TABLE 2.
MSCs-mediated treatment of oral cancers.
| MSCs sources | Types of cancer/cell lines | Type of studies | Application methods for MSCs | Outcome effects | References |
|---|---|---|---|---|---|
| Human deciduous exfoliated teeth | CAL27 | In vivo | Multipoint intratumoral injection | Decreased the volume of tumor and the production of microvessels around the tumor | Liu et al. (2022) |
| Human bone marrow | TCA8113 | In vitro and in vivo | Injected subcutaneously | Exosomes transfer miR-101-3p to tumor cells and then inhibited the proliferation, invasion and migration of tumor cells | Xie et al. (2019) |
| Hamster bone marrow | OSCC induced by mineral oil or DMBA | In vivo | Injected around the tumors | MSC administration at papilloma stage precludes tumor growth and epithelial dedifferentiation of OSCC | Bruna et al. (2017) |
| Mice bone marrow | OSCC (moderately differentiated tumor of buccal mucosa) | In vitro | Injected directly intratumorally | Reduced inflammation, increased micro-vascularization, and minimize hypoxia of orthotopic tumor tissues.
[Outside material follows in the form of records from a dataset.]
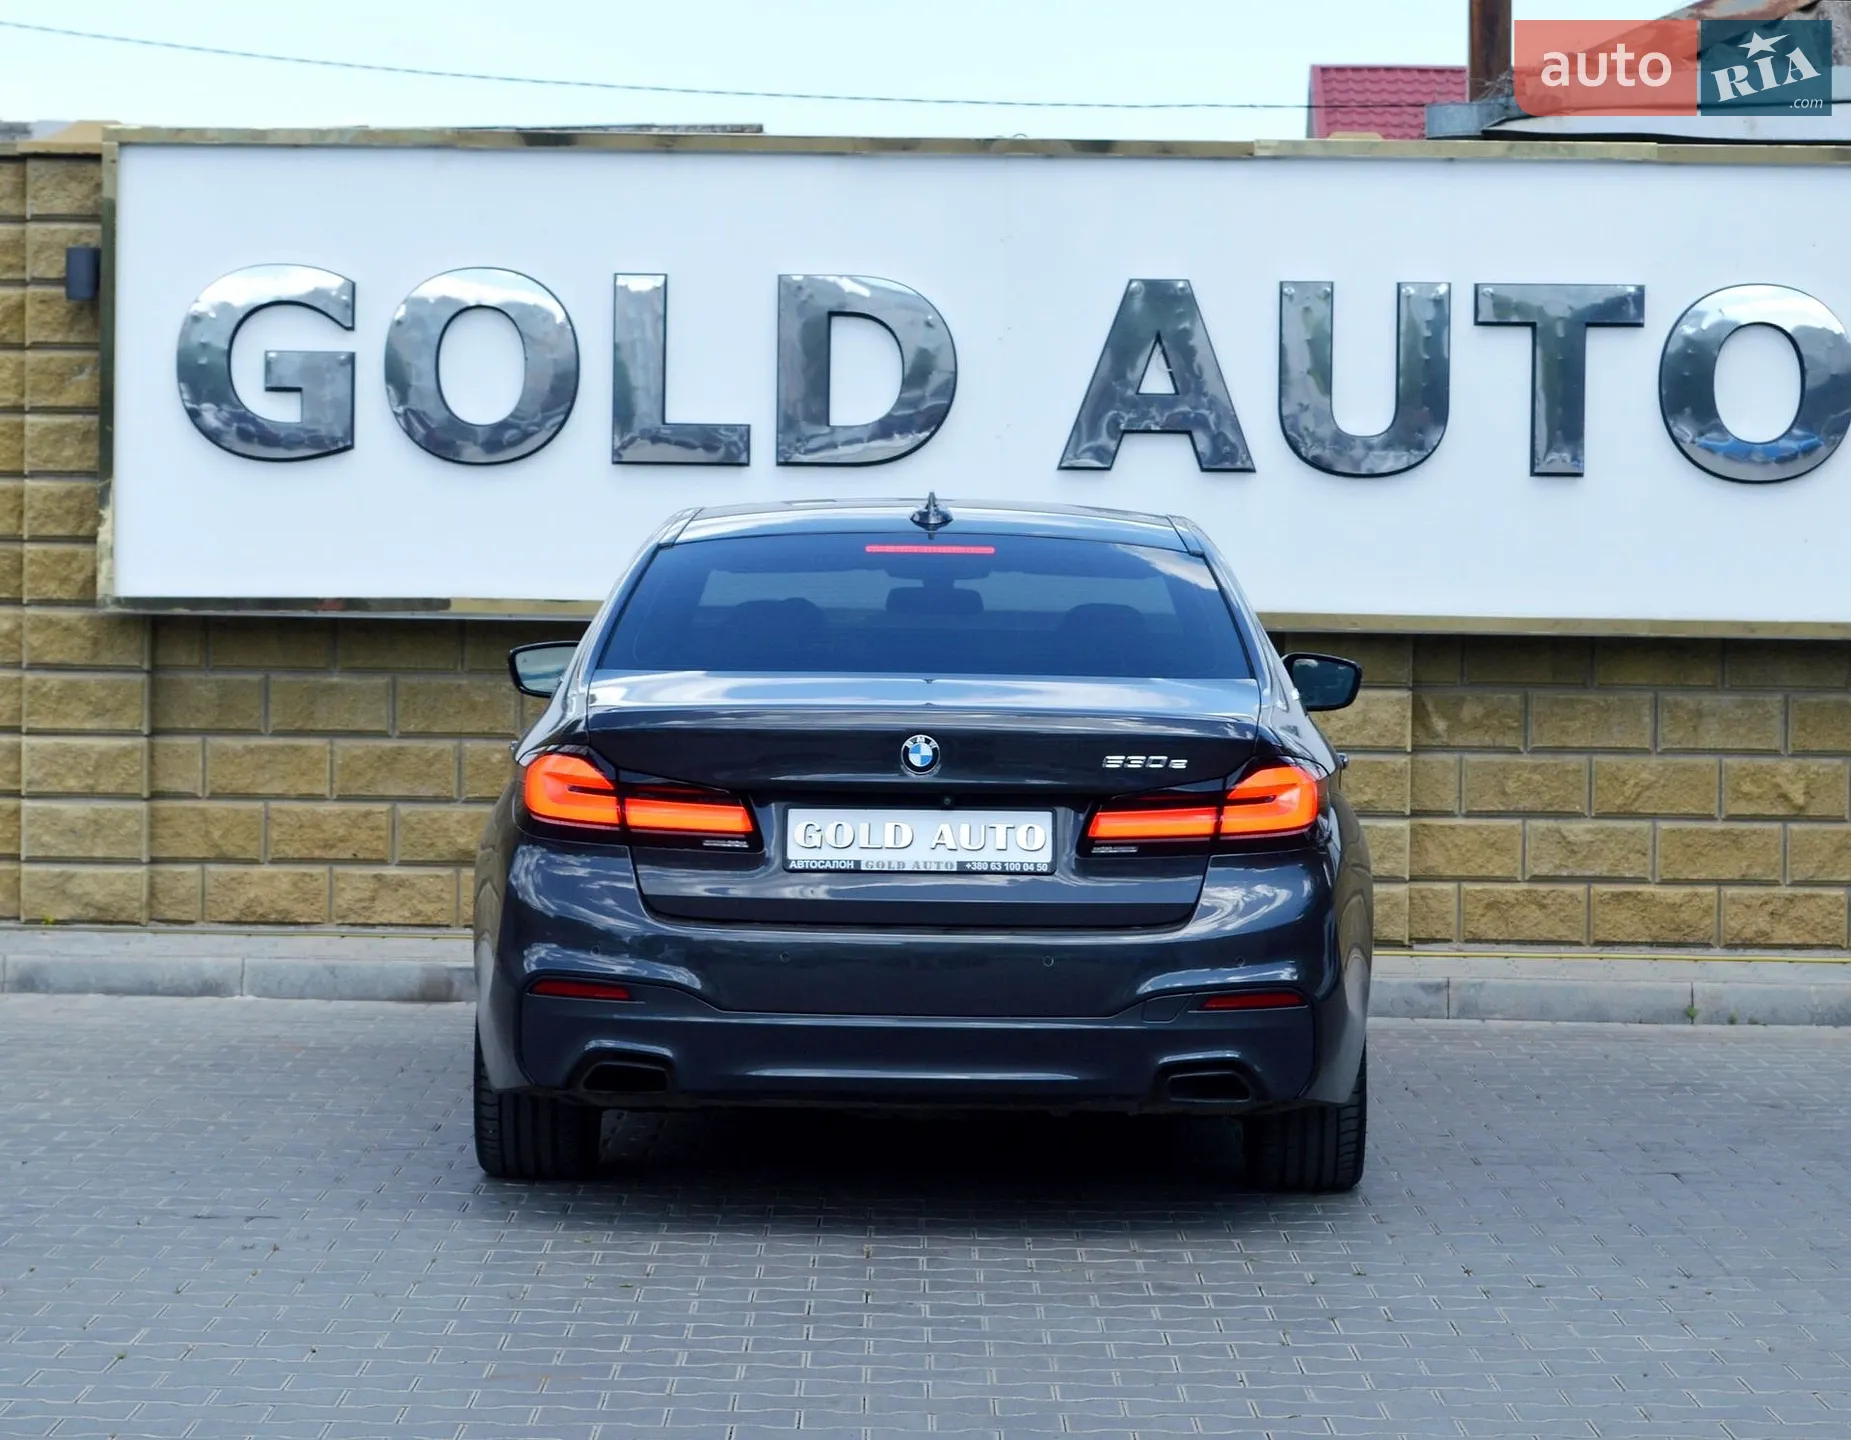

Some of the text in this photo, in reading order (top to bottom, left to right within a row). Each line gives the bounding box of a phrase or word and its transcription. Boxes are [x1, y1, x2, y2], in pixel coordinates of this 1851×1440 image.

[176, 263, 1851, 483] GOLD AUTO
[793, 820, 1047, 852] GOLD AUTO
[789, 860, 854, 869] АВТОСАЛОН
[865, 860, 955, 871] GOLD AUTO
[965, 862, 1048, 872] +380 63 100 04 50
Combined treatment with Cisplatin leaded to higher apoptotic activity and reduced tumor tissue growth | Zurmukhtashvili et al. (2020) |
| MSCs (species not specified) | OSCC | In vivo | Sonodynamic Treatment, M/LPV/O2 | Induced tumor cells death, displayed good tumor accumulation and penetration under ultrasound stimulation, and efficiently induces tumor inhibition and even abrogation, exhibited minimal systemic adverse effects and successfully maintained oral functions with no facial tissue damage | Sun et al. (2020) |
| Mice bone marrow | Oral potentially malignant disorders | In vivo | BMSCs-EVs-miR-185, directly pasted | Reduced inflammatory conditions and dysplasia of diseased tissue, inhibited proliferation, angiogenesis and promoted activation of the Akt pathway to increase apoptosis | Wang et al. (2019) |
| Human gingival papilla | SCC154 | In vitro | Cell-mediated drug delivery system | GinPa-MSCs effectively binded the drug and released it in an active form and in sufficient quantity to significantly inhibited the growth of tumor | Coccè et al. (2017) |
| Human gingival tissue | TSCC (TCA8113 and CAL27) | In vitro, In vivo | Vehicle for cell-based gene therapy, GMSCs with full-length TRAIL, mixed injection with tumor cells and tail vein injection | Induced massive necrosis and apoptosis of tumor cells in vitro, GMSCFLT reduced or even inhibited the growth of TSCC in vivo | Xia et al. (2015) |
| Human gingival tissue | TSCC (CAL27) | In vitro, In vivo | GMSCs genetically engineered to produce IFN-β as a targeted gene delivery system (GMSCs/IFN-t), injected subcutaneously | Inhibited the proliferation of CAL27 cells in vitro, inhibited the growth of tumor by suppressing cell proliferation and inducing apoptosis in vivo | Du et al. (2019) |
| Human dental Pulp | TSCC (CAL27) | In vitro, In vivo | Modification of Metal-Organic Framework Nanoparticles Using MSCs Membranes to Target tumor (MOF@DPSCM) | Inhibited the growth of OSCC in vitro and in vivo | Zhou et al. (2021) |
The therapeutic effects of MSCs on oral cancers were summed up in Table 2, including MSCs sources, types of cancer/cell lines, types of studies, application methods for MSCs, therapeutic effects, and references.